Fachkongress 2009
Forum 2: Finanzierung – Modelle und Konzepte
- Modelle haushaltsnaher Dienstleistungen
- Funktionierendes Modell: „Lekker Leven“ oder „Besser leben“
- Diskussion: Vertrauen ist wichtig
- Unternehmen zeigen Interesse
- Spezielle Angebote für Erstnutzer
- Gutscheinmodell befürwortet
Einen inhaltlichen Einstieg in das Thema „Finanzierung, Modelle, Konzepte“ haushaltsnaher Dienstleistungen lieferte Bernhard Litmeyer, Sachgebietsleiter des Bereichs Consumer Facility Management am Institut für Site und Facility Management GmbH (ISFM). Das Institut geht der Frage nach, inwiefern sich Prozesse des „Facility Management“, also die Organisation von Sekundäraufgaben, wie etwa die Wartung und Reinigung in Gebäuden, auf den privaten Kontext in ein „Private Facility Management“ übertragen lassen. In seinem Input-Referat präsentierte Herr Litmeyer Ergebnisse einer Befragung von über 700 Haushalten im Münsterland.
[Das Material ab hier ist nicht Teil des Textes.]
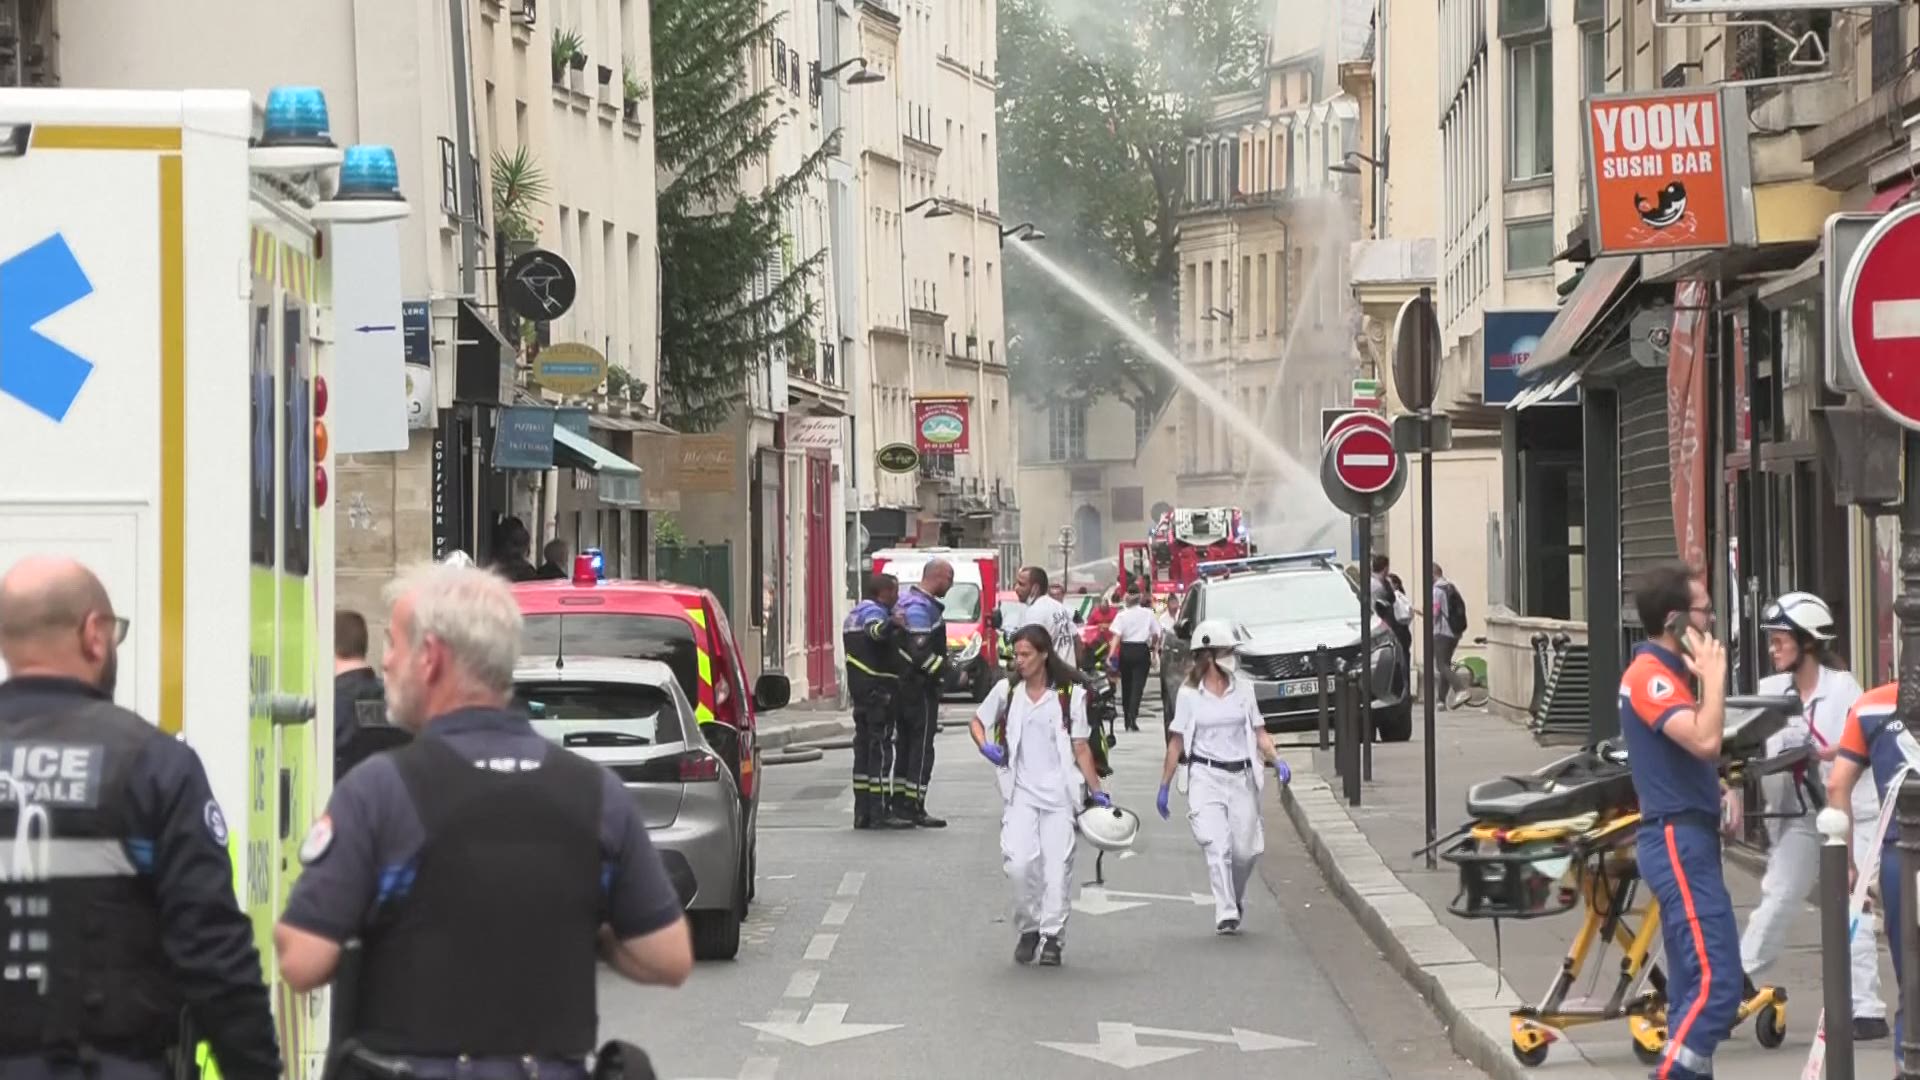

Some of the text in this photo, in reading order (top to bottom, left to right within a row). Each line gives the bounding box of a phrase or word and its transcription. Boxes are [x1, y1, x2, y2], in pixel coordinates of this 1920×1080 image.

[1593, 101, 1716, 152] YOOKI
[1603, 151, 1713, 179] SUSHI BAR
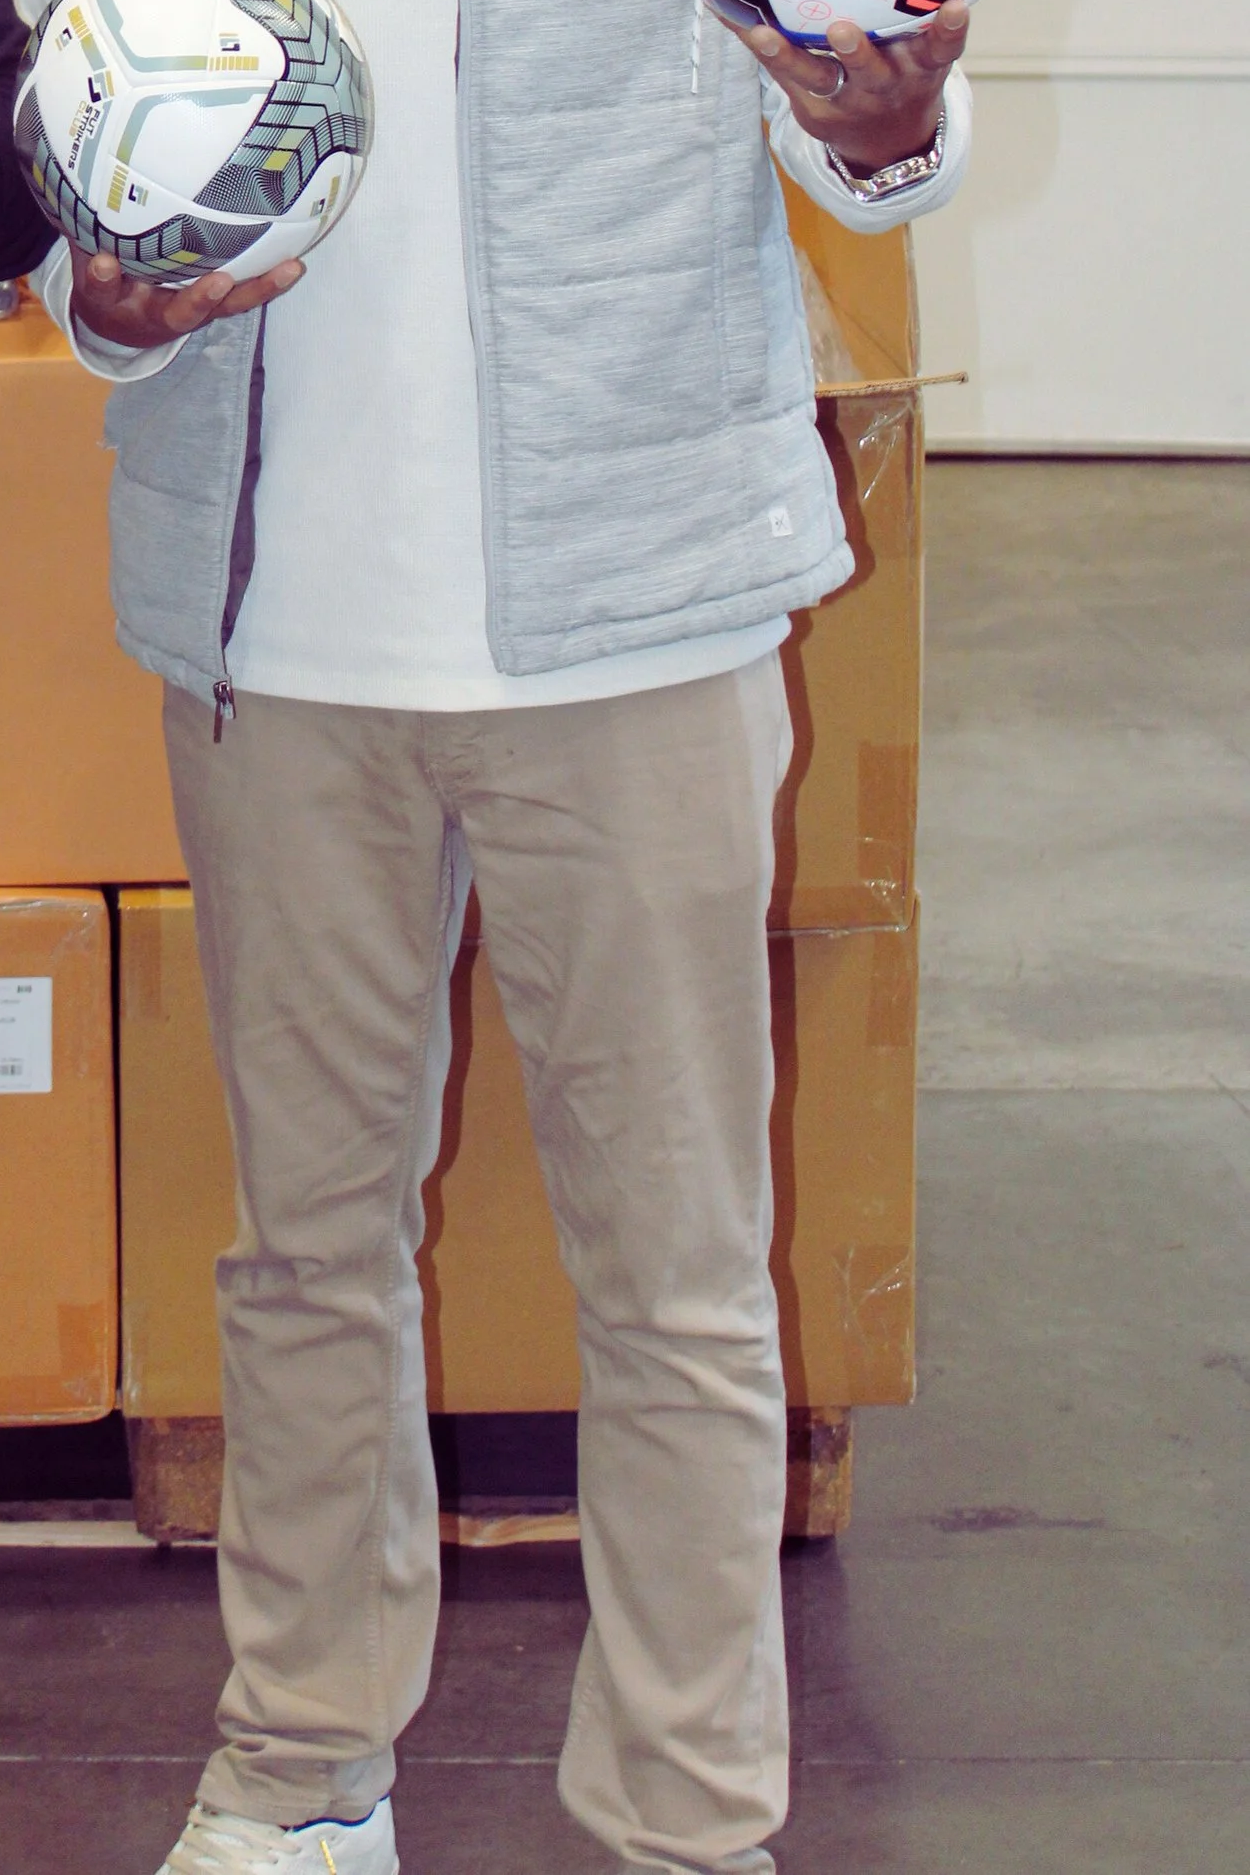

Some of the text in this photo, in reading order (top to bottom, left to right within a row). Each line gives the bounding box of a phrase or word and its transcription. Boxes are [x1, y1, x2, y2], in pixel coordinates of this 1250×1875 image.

Er warb für einen so genannten „Masterplan“ für haushaltsnahe Dienstleistungen – mit dem Kernstück einer landesweiten oder bundesweiten Marketingkampagne zu diesem Thema.
Als offene Frage bleibe, wie auch andere Zielgruppen neben den so genannten „DINKS“ (Double income, no kids“ – Doppeltes Einkommen, keine Kinder) erreicht werden könnten.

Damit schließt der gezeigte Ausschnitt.